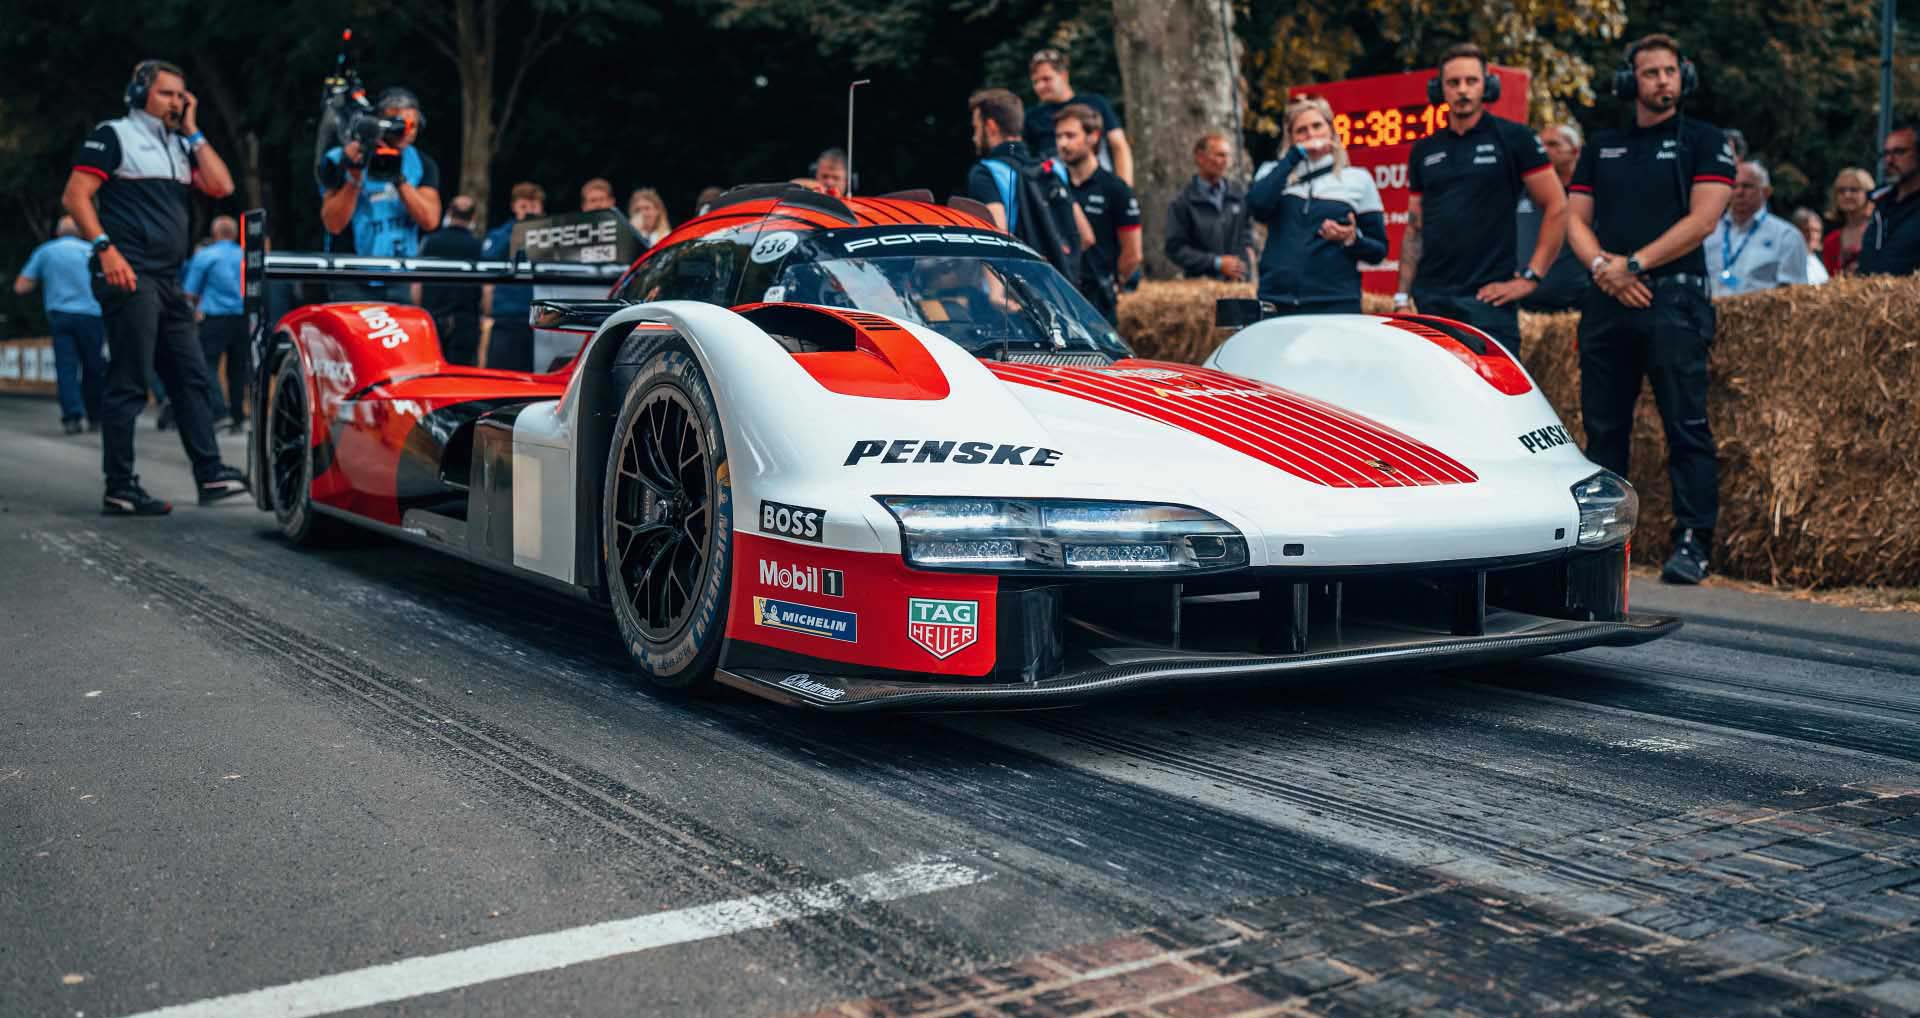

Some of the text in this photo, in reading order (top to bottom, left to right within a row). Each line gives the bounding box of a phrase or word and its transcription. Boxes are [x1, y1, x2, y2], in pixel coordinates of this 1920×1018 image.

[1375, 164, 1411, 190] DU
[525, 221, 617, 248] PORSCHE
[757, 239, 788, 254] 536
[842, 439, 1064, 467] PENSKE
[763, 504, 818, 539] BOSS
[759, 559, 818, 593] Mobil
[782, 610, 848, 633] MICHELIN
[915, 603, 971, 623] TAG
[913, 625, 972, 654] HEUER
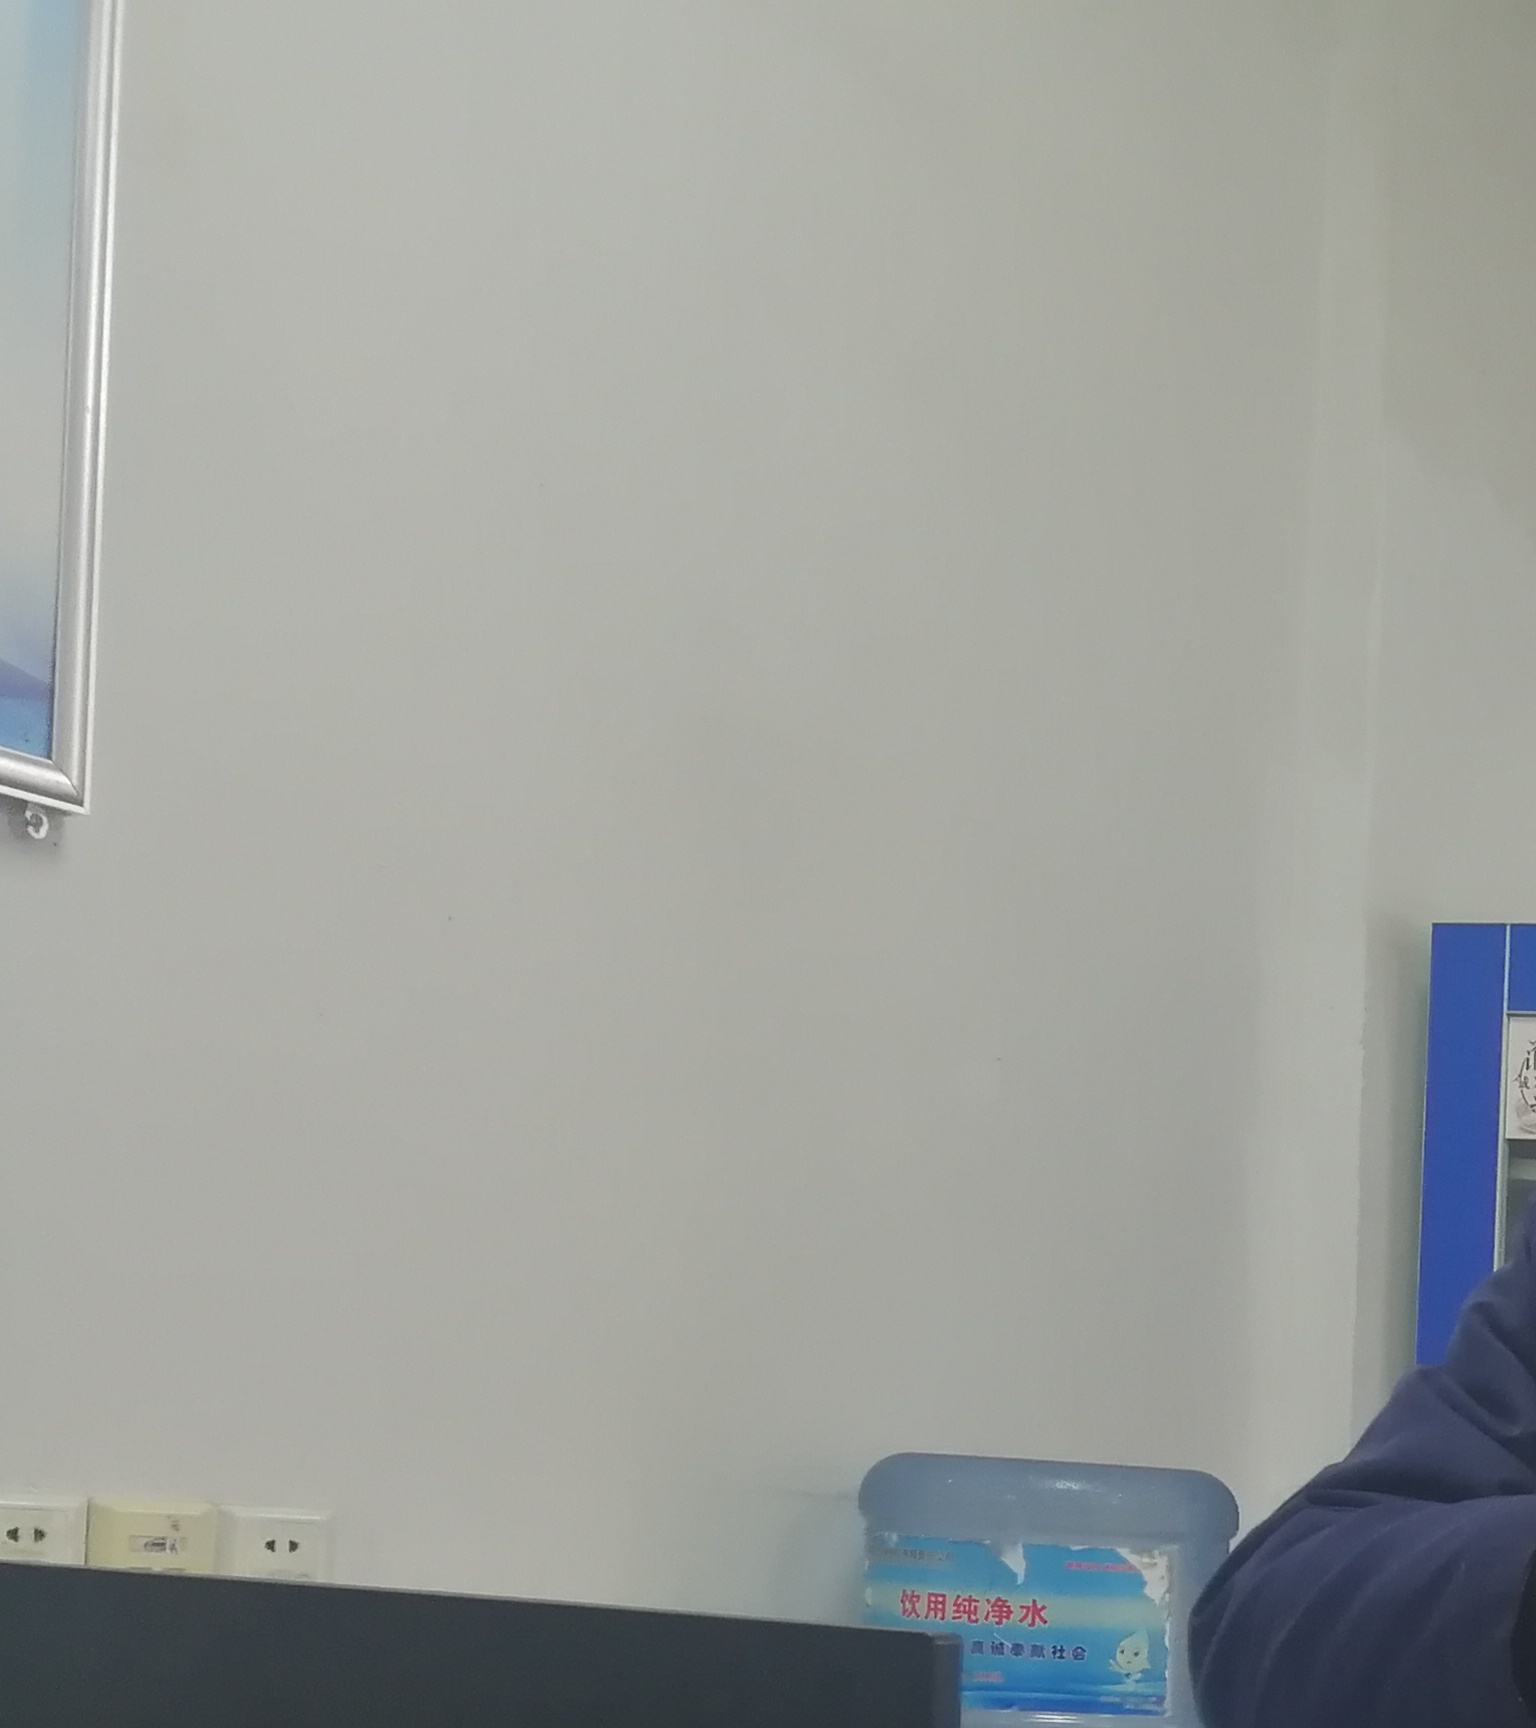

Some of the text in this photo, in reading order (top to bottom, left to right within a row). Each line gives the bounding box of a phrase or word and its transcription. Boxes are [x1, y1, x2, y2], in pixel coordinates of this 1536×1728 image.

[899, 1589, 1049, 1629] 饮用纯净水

• [EXERCISE OBJECTIVE] Each record should be given again exactly, with no picture carried over.

• [SOLVED EXERCISE]
Some of the text in this photo, in reading order (top to bottom, left to right within a row). Each line gives the bounding box of a phrase or word and its transcription. Boxes are [x1, y1, x2, y2], in pixel coordinates of this 1920×1018 image.

[1375, 164, 1411, 190] DU
[525, 221, 617, 248] PORSCHE
[757, 239, 788, 254] 536
[842, 439, 1064, 467] PENSKE
[763, 504, 818, 539] BOSS
[759, 559, 818, 593] Mobil
[782, 610, 848, 633] MICHELIN
[915, 603, 971, 623] TAG
[913, 625, 972, 654] HEUER

Some of the text in this photo, in reading order (top to bottom, left to right within a row). Each line gives the bounding box of a phrase or word and its transcription. Boxes are [x1, y1, x2, y2], in pixel coordinates of this 1536×1728 image.

[899, 1589, 1049, 1629] 饮用纯净水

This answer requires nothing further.